Indonesia menjadi sasaran negara-negara dunia untuk menjadi perputaran ekonomi dunia. Dan Indonesia memiliki kekayaan alam yang tidak terbatas walaupun tidak dibarengi dengan sumber daya manusia yang berkualitas. Walaupun di Indonesia banyak bertebaran sarjana-sarjana tetapi batas kemampuan mereka hanya sebatas menjadi pegawai, bukan pelaku usaha. Untuk mereka yang sudah terbiasa menjadi pelaku usaha, Indonesia menjadi potensi untuk menciptakan kekayaan yang berlimpah.

Adapun data pelaku usaha pada tahun 2021 dari Kementerian Koperasi & UKM adalah sebagai berikut : 

  • Pelaku usaha mikro mencapai 64,2 juta unit dengan omset kurang dari Rp 2 miliar per tahun.

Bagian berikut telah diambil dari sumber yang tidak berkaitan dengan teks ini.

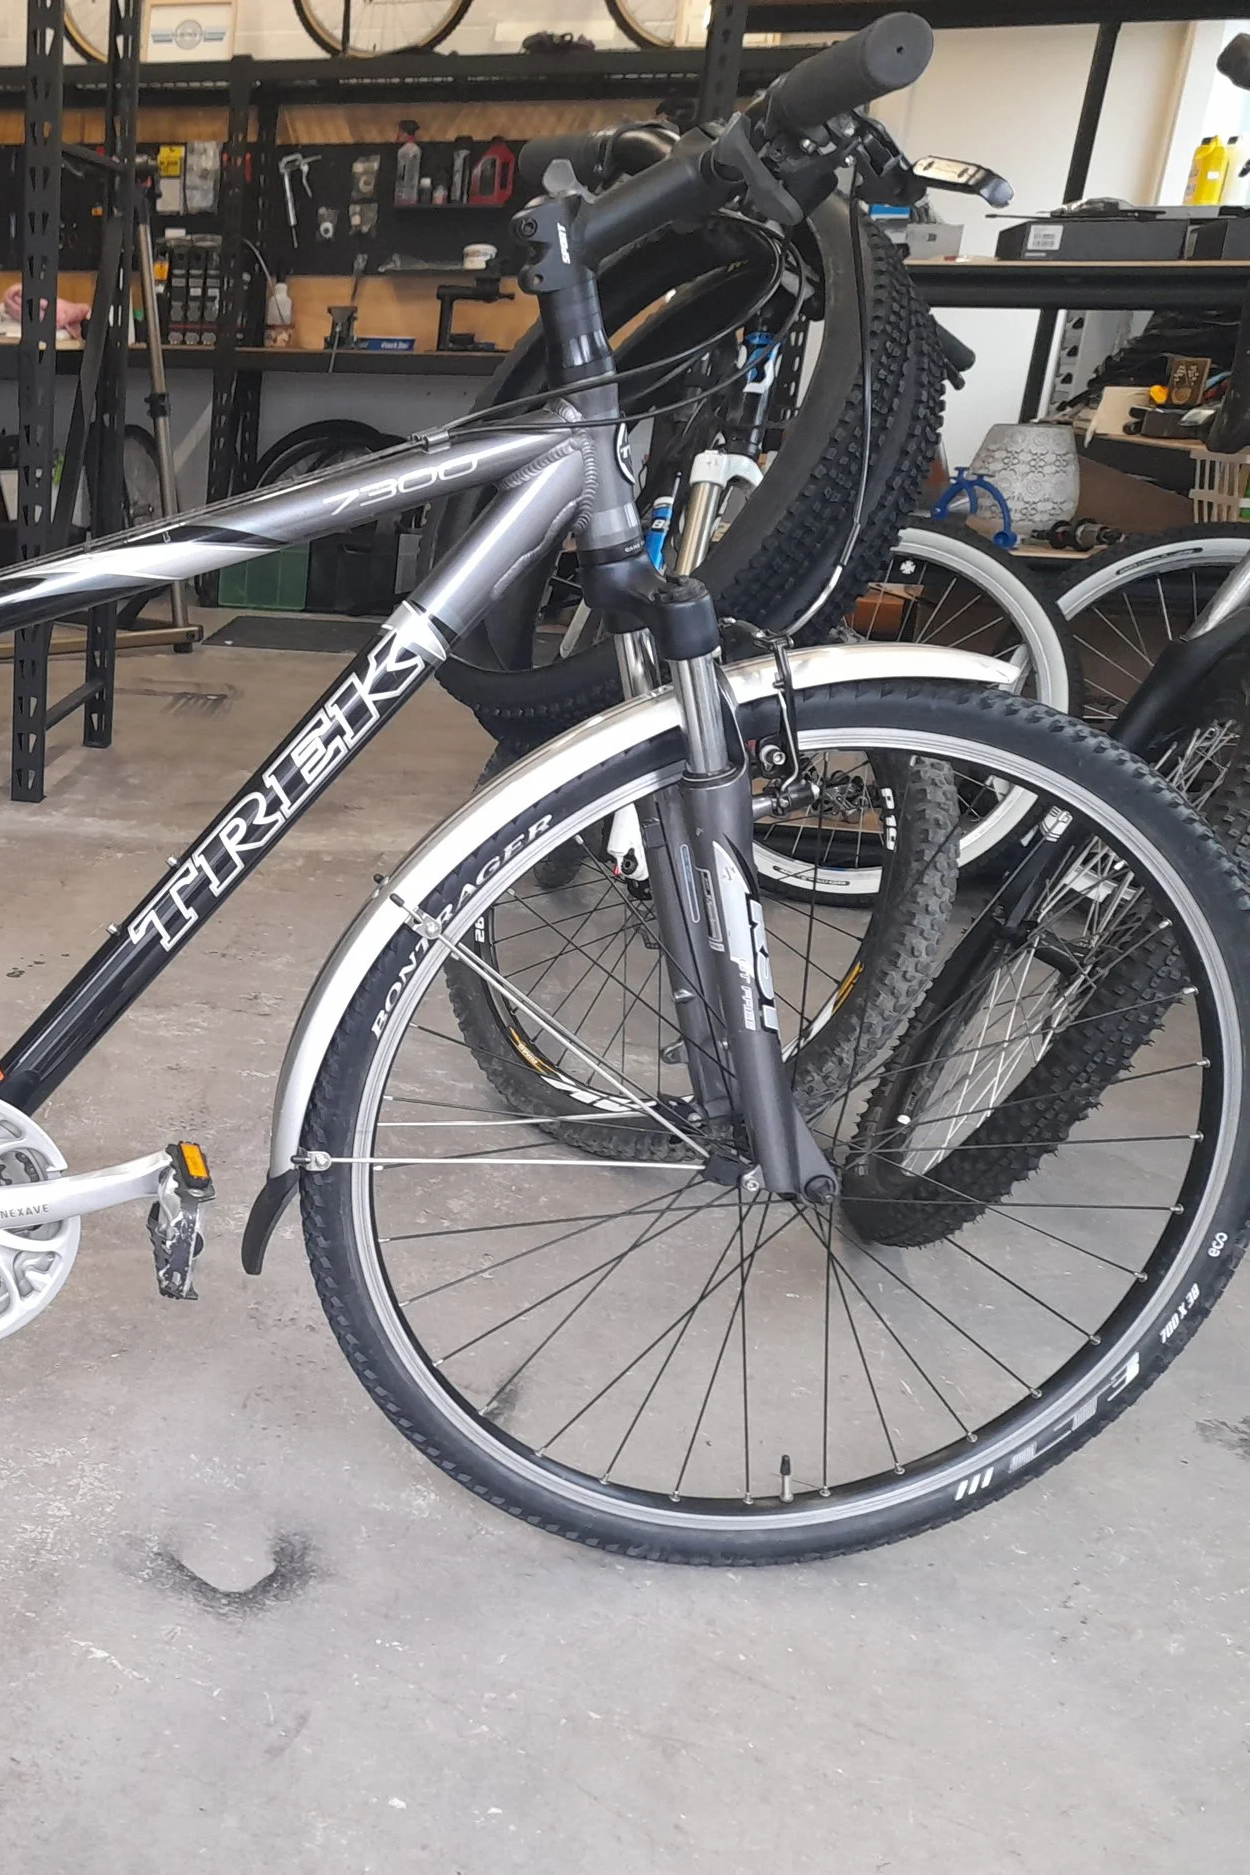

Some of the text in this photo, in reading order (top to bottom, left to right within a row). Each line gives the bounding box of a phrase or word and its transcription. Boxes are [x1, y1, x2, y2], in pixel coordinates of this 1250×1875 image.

[323, 453, 479, 516] 7300
[129, 623, 428, 951] TREK
[0, 1203, 50, 1219] NEXAVE

  • Pelaku usaha kecil mencapai 193.959 unit dengan omset antara Rp 2 miliar - Rp 15 miliar per tahun.

  • Pelaku usaha menengah mencapai 44.728 unit dengan omset antara Rp 15 miliar - Rp 50 miliar per tahun.

  • Pelaku usaha besar mencapai 5.550 unit dengan omset lebih dari Rp 50 miliar per tahun.

Dengan gambaran seperti diatas maka pelaku UMKM memiliki tantangan serius seperti kesulitan untuk naik kelas, kesulitan akses digitalisasi, kesulitan menembus pasar global, kesulitan mendapat layanan finansial.

Walaupun pelaku UMKM Indonesia dapat menyerap 97% tenaga kerja, menyumbang 57% terhadap Produk Domestik Bruto (PDB) dan berkontribusi 15% untuk ekspor nasional.

Jika Indonesia ingin mendapat layanan finansial dari pihak manapun baik lokal maupun secara internasional, para pelaku UMKM harus membiasakan diri untuk membuat Perencanaan Bisnis (Business Plan) yang mudah dipahami dan akuntabel. Perencanaan Bisnis (Business Plan) cukup dibuat untuk 1(satu) tahun sekali sebagai Rekomendasi Bisnis (Business Recommendation). Dan untuk masuk tahap implementasi, maka Perencanaan Bisnis (Business Plan) perlu dipecah menjadi 6 bulanan dan 3 bulanan. Hal ini dilakukan untuk memudahkan pengontrolan tahap implementasi. Mengapa pengontrolan tahap implementasi perlu dilakukan? Sebab dinamika pasar bahkan geo-politik suatu negara sangat rentan terjadi dan berdampak pada pengembangan bisnis. Berikut bentuk Perencanaan Bisnis (Business Plan).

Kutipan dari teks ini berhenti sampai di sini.